WHAT YOU NEED TO DO: The answer should contain all of the records below, each one copied word for word.
- Opening Delimiter -
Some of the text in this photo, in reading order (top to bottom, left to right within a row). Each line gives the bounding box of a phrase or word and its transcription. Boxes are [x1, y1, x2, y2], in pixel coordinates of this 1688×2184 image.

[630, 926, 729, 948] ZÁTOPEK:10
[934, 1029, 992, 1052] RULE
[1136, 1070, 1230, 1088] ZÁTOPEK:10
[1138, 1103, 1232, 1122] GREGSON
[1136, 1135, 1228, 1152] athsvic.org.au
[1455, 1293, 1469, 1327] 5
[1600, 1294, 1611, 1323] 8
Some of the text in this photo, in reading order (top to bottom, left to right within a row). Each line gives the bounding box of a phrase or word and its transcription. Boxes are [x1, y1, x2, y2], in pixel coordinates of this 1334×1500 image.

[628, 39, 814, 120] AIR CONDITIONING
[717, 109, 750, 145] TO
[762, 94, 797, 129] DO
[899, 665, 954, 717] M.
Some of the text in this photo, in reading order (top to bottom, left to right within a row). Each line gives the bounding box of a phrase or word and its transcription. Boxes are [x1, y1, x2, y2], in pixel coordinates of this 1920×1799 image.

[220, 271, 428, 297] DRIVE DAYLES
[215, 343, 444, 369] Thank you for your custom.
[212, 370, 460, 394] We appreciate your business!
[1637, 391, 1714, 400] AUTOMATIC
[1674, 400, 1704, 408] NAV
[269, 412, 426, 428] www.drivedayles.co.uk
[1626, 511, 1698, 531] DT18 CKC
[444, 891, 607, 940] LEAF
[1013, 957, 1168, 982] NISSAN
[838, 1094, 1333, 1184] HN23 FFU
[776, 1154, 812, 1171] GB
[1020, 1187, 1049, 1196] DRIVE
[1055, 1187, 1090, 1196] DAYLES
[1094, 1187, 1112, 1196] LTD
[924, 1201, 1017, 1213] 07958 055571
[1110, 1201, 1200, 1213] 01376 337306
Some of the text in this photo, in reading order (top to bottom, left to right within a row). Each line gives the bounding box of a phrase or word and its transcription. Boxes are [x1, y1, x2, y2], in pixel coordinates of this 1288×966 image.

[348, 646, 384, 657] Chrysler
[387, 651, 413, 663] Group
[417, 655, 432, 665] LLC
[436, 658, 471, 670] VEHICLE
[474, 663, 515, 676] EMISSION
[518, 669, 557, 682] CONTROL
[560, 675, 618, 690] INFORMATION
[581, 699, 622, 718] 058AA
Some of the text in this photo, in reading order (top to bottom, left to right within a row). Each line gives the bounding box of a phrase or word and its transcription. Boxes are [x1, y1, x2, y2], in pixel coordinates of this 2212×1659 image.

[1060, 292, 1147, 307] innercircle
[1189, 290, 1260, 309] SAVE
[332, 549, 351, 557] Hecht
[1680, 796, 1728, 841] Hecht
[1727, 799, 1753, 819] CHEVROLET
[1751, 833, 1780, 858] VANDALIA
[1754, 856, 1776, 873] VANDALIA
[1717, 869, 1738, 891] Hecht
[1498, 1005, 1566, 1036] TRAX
- Closing Delimiter -
RESPONSE:
Some of the text in this photo, in reading order (top to bottom, left to right within a row). Each line gives the bounding box of a phrase or word and its transcription. Boxes are [x1, y1, x2, y2], in pixel coordinates of this 1688×2184 image.

[630, 926, 729, 948] ZÁTOPEK:10
[934, 1029, 992, 1052] RULE
[1136, 1070, 1230, 1088] ZÁTOPEK:10
[1138, 1103, 1232, 1122] GREGSON
[1136, 1135, 1228, 1152] athsvic.org.au
[1455, 1293, 1469, 1327] 5
[1600, 1294, 1611, 1323] 8
Some of the text in this photo, in reading order (top to bottom, left to right within a row). Each line gives the bounding box of a phrase or word and its transcription. Boxes are [x1, y1, x2, y2], in pixel coordinates of this 1334×1500 image.

[628, 39, 814, 120] AIR CONDITIONING
[717, 109, 750, 145] TO
[762, 94, 797, 129] DO
[899, 665, 954, 717] M.
Some of the text in this photo, in reading order (top to bottom, left to right within a row). Each line gives the bounding box of a phrase or word and its transcription. Boxes are [x1, y1, x2, y2], in pixel coordinates of this 1920×1799 image.

[220, 271, 428, 297] DRIVE DAYLES
[215, 343, 444, 369] Thank you for your custom.
[212, 370, 460, 394] We appreciate your business!
[1637, 391, 1714, 400] AUTOMATIC
[1674, 400, 1704, 408] NAV
[269, 412, 426, 428] www.drivedayles.co.uk
[1626, 511, 1698, 531] DT18 CKC
[444, 891, 607, 940] LEAF
[1013, 957, 1168, 982] NISSAN
[838, 1094, 1333, 1184] HN23 FFU
[776, 1154, 812, 1171] GB
[1020, 1187, 1049, 1196] DRIVE
[1055, 1187, 1090, 1196] DAYLES
[1094, 1187, 1112, 1196] LTD
[924, 1201, 1017, 1213] 07958 055571
[1110, 1201, 1200, 1213] 01376 337306
Some of the text in this photo, in reading order (top to bottom, left to right within a row). Each line gives the bounding box of a phrase or word and its transcription. Boxes are [x1, y1, x2, y2], in pixel coordinates of this 1288×966 image.

[348, 646, 384, 657] Chrysler
[387, 651, 413, 663] Group
[417, 655, 432, 665] LLC
[436, 658, 471, 670] VEHICLE
[474, 663, 515, 676] EMISSION
[518, 669, 557, 682] CONTROL
[560, 675, 618, 690] INFORMATION
[581, 699, 622, 718] 058AA
Some of the text in this photo, in reading order (top to bottom, left to right within a row). Each line gives the bounding box of a phrase or word and its transcription. Boxes are [x1, y1, x2, y2], in pixel coordinates of this 2212×1659 image.

[1060, 292, 1147, 307] innercircle
[1189, 290, 1260, 309] SAVE
[332, 549, 351, 557] Hecht
[1680, 796, 1728, 841] Hecht
[1727, 799, 1753, 819] CHEVROLET
[1751, 833, 1780, 858] VANDALIA
[1754, 856, 1776, 873] VANDALIA
[1717, 869, 1738, 891] Hecht
[1498, 1005, 1566, 1036] TRAX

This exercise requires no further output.